Silvio Corsini, conservateur de la réserve précieuse de la Bibliothèque cantonale et universitaire, et directeur de l'entreprise a consacré la première place à l'histoire même du livre imprimé dans une ville que l'éclat de l'édition à Genève ou à Neuchâtel a longtemps maintenu dans l'ombre. C'est d'ailleurs à partir de Genève que les premières tentatives furent faites, le plus souvent par des réfugiés français pour cause de religion, à commencer par Jean Belot, venu de Rouen, imprimeur-itinérant - en 1493, du Missale ad usum Lausannensem. Puis au XVIe siècle, ce furent Jean Rivery, originaire de Vendôme, les frères Lepreux, Antoine de Marcilogia (Massillargues ?) qui tentèrent de contourner la forte concurrence sur la place de Genève en implantant une imprimerie à Lausanne, mais "Messieurs de Berne" ne firent rien pour encourager une telle activité chez les vassaux vaudois. C'est seulement en 1652 qu'avec les Gentil, venant bien entendu de Genève, que l'imprimerie est durablement installée à Lausanne. Au siècle suivant - un petit âge d'or pour l'imprimerie lausannoise, écrit S. Corsini - il faut se défier des localisations fictives : neuf éditions "à Lausanne" de l'Ingénu, de Voltaire sont en réalité parisiennes ; une seule est lausannoise ; elle porte "à Utrecht". Au XIXe siècle se situe vraiment la rencontre du public vaudois : les Etrennes helvétiennes et patriotiques paraissent depuis 1783. La Société de Bible fondée en 1814, la Société des traités religieux de Lausanne, en 1827 connurent une activité intense liée au Réveil, mais aussi importantes sont les collections populaires, les almanachs, l'édition régionaliste et scolaire. Les guerres mondiales, ralentissant ou interrompant l'arrivée des livres édités à Paris, vont au XXe siècle susciter ou développer la création littéraire locale de haut niveau, et l'édition d'art originale. Les échanges avec la France vont désormais dans les deux sens, comme en témoigne l'implantation à Paris en 1923 d'une succursale de la librairie Payot établie à Lausanne en 1875, et en 1951 le transfert de Paris à Lausanne des éditions Albert Skira. La réputation des éditions Spes et des clubs comme la Guilde du livre et Rencontre a très vite traversé le Jura.
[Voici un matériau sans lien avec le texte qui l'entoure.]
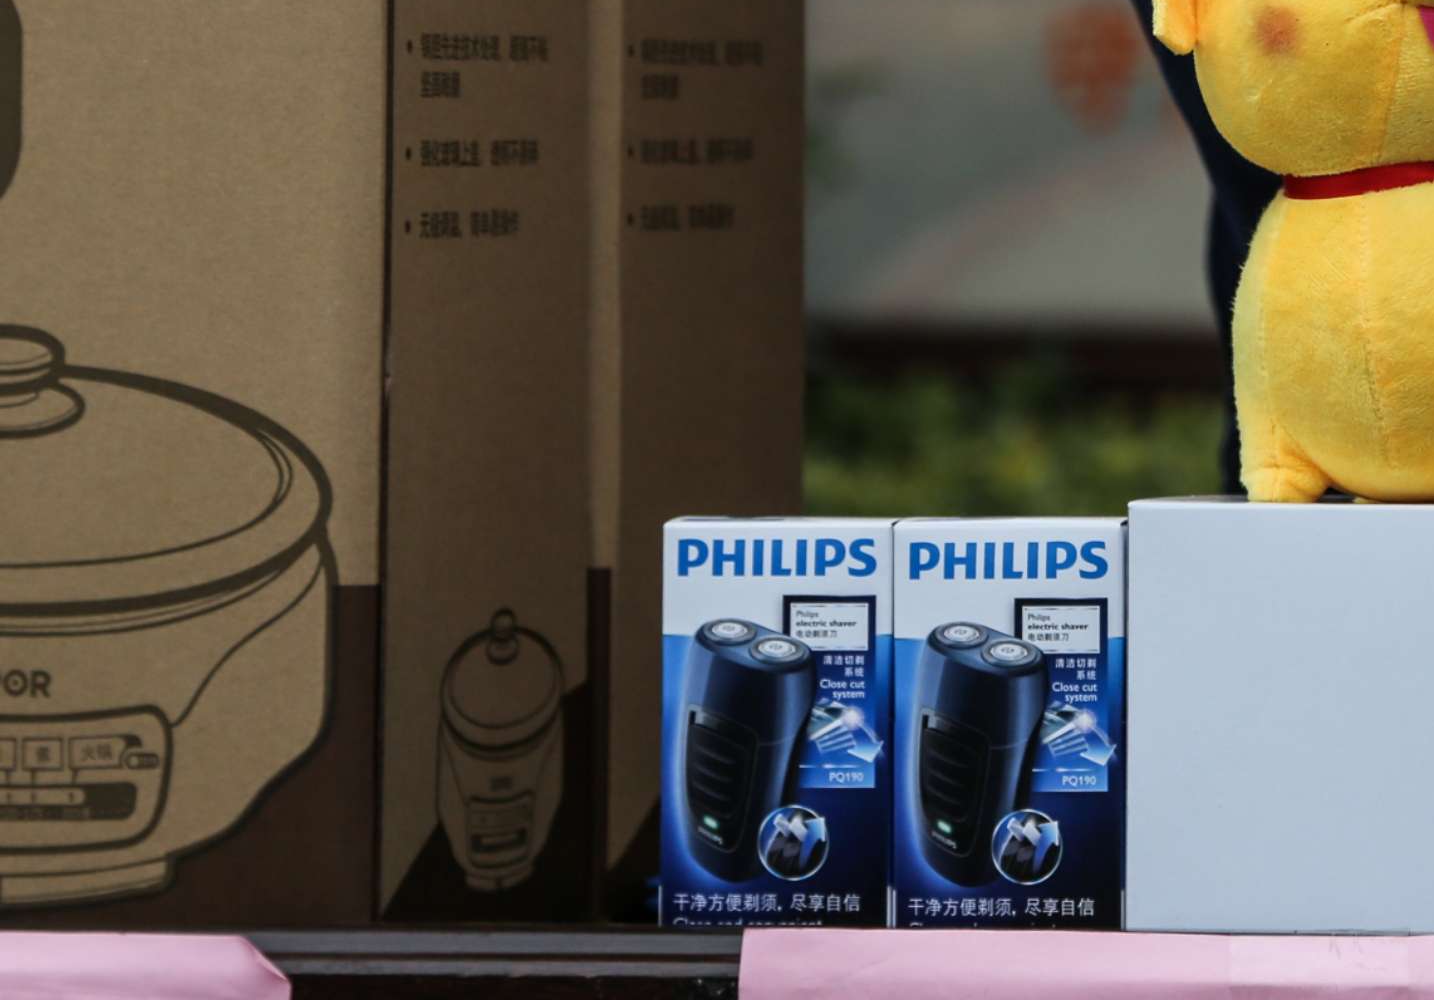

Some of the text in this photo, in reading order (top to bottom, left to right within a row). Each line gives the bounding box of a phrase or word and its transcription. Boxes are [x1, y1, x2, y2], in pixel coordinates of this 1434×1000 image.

[677, 538, 877, 577] PHILIPS
[909, 541, 1109, 580] PHILIPS
[796, 610, 819, 619] Philips
[1027, 613, 1051, 622] Philips
[796, 619, 857, 628] electric shaver
[1027, 622, 1088, 631] electric shaver
[0, 669, 52, 698] OR
[819, 679, 865, 689] Close cut
[1051, 681, 1098, 692] Close cut
[832, 690, 865, 700] system
[1064, 693, 1098, 704] system
[829, 772, 864, 783] PQ190
[1062, 775, 1097, 787] PQ190
Un important chapitre est consacré à la presse qui fait une apparition éphémère en 1737 avec une Gazette du commerce et devient suivie à partir de 1762 avec la populaire Feuille d'avis de Lausanne. Un quotidien naît de l'agitation révolutionnaire en 1 798 ; il vivra 6 ans : c'est la future Gazette de Lausanne, qui, bien vite imitée, paraît chaque jour depuis 1856. De même que Londres aura le Punch, the London Charivari, Philippon a un émule à Lausanne en la personne de J.P. Luquiem qui lance en 1839 le Charivari vaudois.
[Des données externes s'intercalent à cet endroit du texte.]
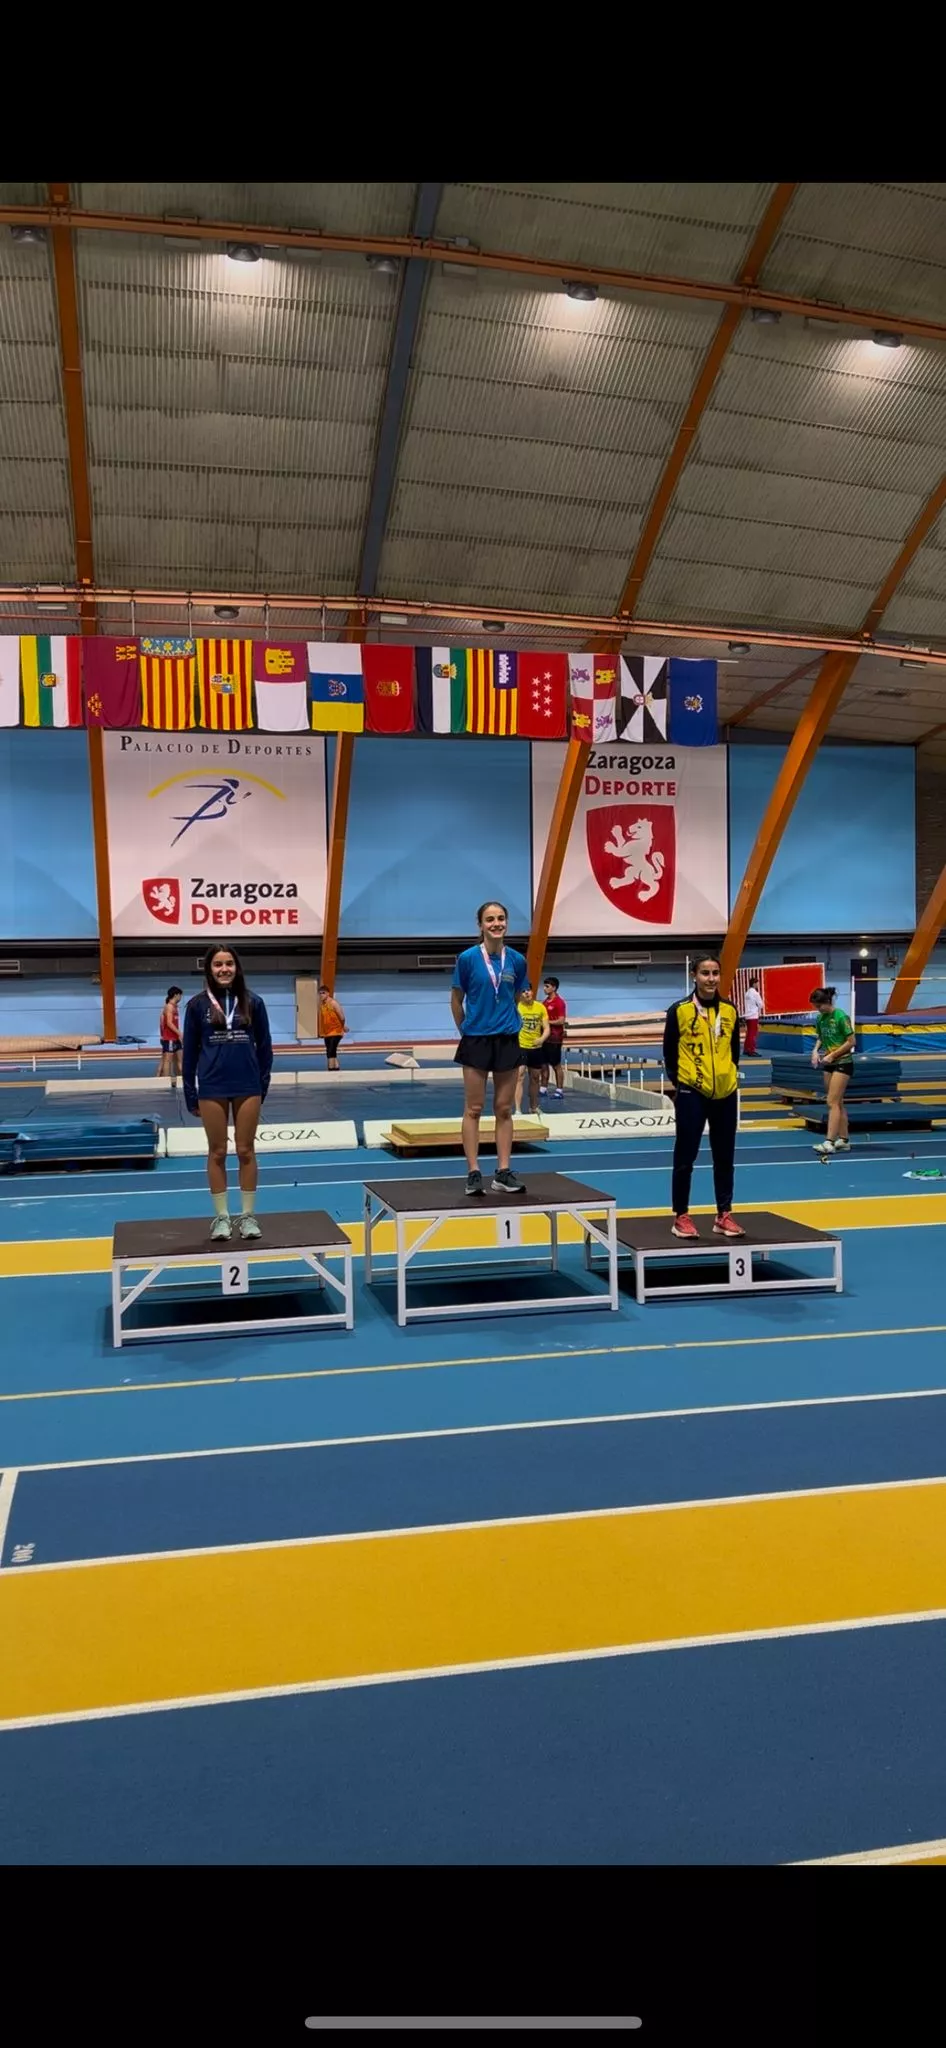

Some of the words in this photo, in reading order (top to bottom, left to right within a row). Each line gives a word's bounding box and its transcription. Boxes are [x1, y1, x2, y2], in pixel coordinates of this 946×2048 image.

[120, 735, 194, 753] PALACIO
[201, 744, 219, 753] DE
[228, 738, 312, 756] DEPORTES
[585, 751, 675, 775] Zaragoza
[585, 775, 676, 796] DEPORTE
[191, 878, 298, 904] Zaragoza
[191, 903, 298, 925] DEPORTE
[505, 1220, 510, 1239] 1
[229, 1266, 240, 1286] 2
[736, 1258, 745, 1276] 3
Il faudrait mentionner encore les chapitres sur l'édition musicale, les papeteries vaudoises, la vie des imprimeurs et leurs luttes syndicales, la reliure d'art, la police du livre et la censure (qui disparaît dès 1 832), les librairies. Nous nous en voudrions de ne pas signaler les trop courtes pages sur la librairie ancienne (avec Rauch et Bridel, illustrant aujourd'hui un secteur où rayonna le réputé bibliographe F.C. Lonchamp) et sur les bibliothèques privées ou publiques où, en conclusion, S. Corsini suggère des axes de recherches à entreprendre.
Est-il besoin de vanter la somptueuse mise en page, la parfaite lisibilité de l'ouvrage, l'originalité et la richesse de l'illustration en couleurs (fac-similé de pages de titres, affiches, journaux, portraits, étiquettes de librairies...) ? L'index des noms cités est précédé d'un précieux répertoire alphabétique des éditeurs et imprimeurs lausannois avec leurs dates d'activité.
La conclusion s'impose : un tel livre doit inspirer des monographies aussi complètes sur leur ville à tous nos collègues soucieux d'une vision globale de l'imprimé dans le tissu local pour épauler les monumentales histoires récentes du livre et des bibliothèques en France.